The University of Otago researchers are now looking at how to replicate the six relevant compounds they have discovered, and a way to deliver them to hives from which beekeepers can selectively breed bees that have this trait.

Emeritus Professor Alison Mercer of the university’s Department of Zoology says varroa mites reproduce in brood cells, but researchers have identified some worker bees can sense where the mites are using these compounds, then open those cells and pull out the contents, including the mite, killing it.

Unfortunately, they also kill juvenile bees forming there, but Mercer says this varroa sensitive hygiene behaviour (VSH) is a trait breeders can utilise.

“Within any colony you get worker bees, some of whom are able to detect varroa mites,” Mercer said.

By identifying worker bees and breeding from their colonies, she says beekeepers can develop bees that will stand up to the varroa mite.

This discovery solves a problem that has confounded solutions to confront the varroa mite infestation.

“Standing in the way has been trying to identify colonies that show varroa resistance,” she said.

Mercer says six years of work by lead researcher and University of Otago Department of Zoology doctoral candidate Fanny Mondet revealed that adult varroa can camouflage their presence in a hive by mimicking the smell from within the colony.

But juvenile mites cannot do that, making them vulnerable to attention from worker bees that have the VSH trait.

“We know that if we take the compounds into a colony in the field and inject the compounds into cells, when we return the next day a colony with strong resistance will have all the cells opened up,” she said.

Without intervention, infected honeybee colonies die within two years of varroa infestation.

The key has been identifying the six compounds that trigger VSH behaviour.

In a paper published recently in Nature Chemical Biology, Mondet and her research colleagues identified four ketones and two acetate compounds that provoke this behaviour.

A French researcher, Mondet worked between France and NZ and while here, liaised with beekeepers throughout NZ.

Now back in France, she says in a statement that the level of compounds found in varroa-infested brood cells is a reliable indicator of the numbers of juvenile mites present, which enables worker bees to selectively target those that are infested.

“If the varroa-related compounds alone are presented to bees, all bees appear able to detect the odours,” Mondet said.

“However, not all bees are able to tell the difference between the smell of healthy brood odours and the smell of brood odours containing varroa-related compounds.”

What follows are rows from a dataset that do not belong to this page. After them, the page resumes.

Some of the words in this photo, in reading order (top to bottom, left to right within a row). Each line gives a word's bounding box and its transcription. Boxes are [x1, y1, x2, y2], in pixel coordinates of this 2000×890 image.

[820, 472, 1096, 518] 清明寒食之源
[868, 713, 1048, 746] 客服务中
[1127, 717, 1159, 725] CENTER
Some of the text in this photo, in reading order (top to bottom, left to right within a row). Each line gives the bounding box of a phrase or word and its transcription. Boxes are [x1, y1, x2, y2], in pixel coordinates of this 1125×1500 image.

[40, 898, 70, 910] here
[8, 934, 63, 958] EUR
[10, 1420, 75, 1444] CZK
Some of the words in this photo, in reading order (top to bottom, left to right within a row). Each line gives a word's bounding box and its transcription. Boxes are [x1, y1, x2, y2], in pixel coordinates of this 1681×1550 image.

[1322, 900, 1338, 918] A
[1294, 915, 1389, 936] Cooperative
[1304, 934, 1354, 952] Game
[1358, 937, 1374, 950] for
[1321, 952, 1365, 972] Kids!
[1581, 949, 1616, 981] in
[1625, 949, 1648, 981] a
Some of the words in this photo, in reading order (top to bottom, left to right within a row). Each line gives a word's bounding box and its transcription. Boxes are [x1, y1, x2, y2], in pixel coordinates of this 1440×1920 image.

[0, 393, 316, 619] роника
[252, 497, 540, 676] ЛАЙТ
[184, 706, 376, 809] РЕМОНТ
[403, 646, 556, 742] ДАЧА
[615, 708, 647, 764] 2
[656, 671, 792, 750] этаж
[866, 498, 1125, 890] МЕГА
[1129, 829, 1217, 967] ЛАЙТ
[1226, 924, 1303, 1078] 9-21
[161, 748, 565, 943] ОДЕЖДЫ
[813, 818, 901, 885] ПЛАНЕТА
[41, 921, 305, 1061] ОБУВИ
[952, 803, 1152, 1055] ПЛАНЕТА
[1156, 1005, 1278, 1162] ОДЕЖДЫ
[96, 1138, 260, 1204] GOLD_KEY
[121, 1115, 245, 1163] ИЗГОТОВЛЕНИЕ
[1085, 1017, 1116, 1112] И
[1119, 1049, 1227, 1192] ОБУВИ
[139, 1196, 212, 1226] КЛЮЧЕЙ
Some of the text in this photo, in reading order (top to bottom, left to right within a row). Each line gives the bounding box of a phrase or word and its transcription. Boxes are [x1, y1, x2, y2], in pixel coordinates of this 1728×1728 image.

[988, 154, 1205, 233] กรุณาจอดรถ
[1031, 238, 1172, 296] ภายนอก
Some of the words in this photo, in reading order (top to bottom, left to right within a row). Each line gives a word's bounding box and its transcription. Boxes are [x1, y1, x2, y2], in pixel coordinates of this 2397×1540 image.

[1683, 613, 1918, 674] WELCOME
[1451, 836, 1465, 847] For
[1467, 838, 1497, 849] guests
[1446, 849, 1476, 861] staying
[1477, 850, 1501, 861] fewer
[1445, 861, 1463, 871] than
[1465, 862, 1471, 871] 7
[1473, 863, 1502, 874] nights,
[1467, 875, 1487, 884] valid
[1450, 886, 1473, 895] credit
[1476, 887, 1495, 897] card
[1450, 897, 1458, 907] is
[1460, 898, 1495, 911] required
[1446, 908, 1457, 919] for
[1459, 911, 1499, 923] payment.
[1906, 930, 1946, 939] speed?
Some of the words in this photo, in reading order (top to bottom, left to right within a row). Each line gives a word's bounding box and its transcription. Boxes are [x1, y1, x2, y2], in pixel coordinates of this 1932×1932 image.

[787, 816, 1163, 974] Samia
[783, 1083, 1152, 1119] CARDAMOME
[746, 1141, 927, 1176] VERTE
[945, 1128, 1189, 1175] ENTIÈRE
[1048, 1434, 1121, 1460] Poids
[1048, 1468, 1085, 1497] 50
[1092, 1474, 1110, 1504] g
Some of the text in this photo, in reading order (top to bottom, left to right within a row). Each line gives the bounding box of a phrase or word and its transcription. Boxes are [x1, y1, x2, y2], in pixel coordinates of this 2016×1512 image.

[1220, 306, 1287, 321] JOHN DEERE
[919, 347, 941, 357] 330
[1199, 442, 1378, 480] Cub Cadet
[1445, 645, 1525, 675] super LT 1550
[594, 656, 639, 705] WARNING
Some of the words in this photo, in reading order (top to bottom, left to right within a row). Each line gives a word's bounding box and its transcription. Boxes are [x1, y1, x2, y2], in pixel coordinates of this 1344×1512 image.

To confront varroa it is critical for worker bees to differentiate healthy from unhealthy hive odours, but for beekeepers to use this natural process is difficult, time-consuming and with no guarantee of success

“In vulnerable colonies, a majority of worker bees fail to show this ability,” she said.

“In field trials, we were able to show injecting the varroa-related compounds into brood cells induces responses in worker bees that mimic intrinsic VSH activity in bee colonies.

“A simple and reliable bioassay of this kind has the potential to greatly assist the breeding of bees with stronger resistance to the devastating impacts of the varroa mite,” she said.

The next stage of the research is to develop a cheap and easy delivery system, allowing beekeepers to identify resistant colonies from which to breed from.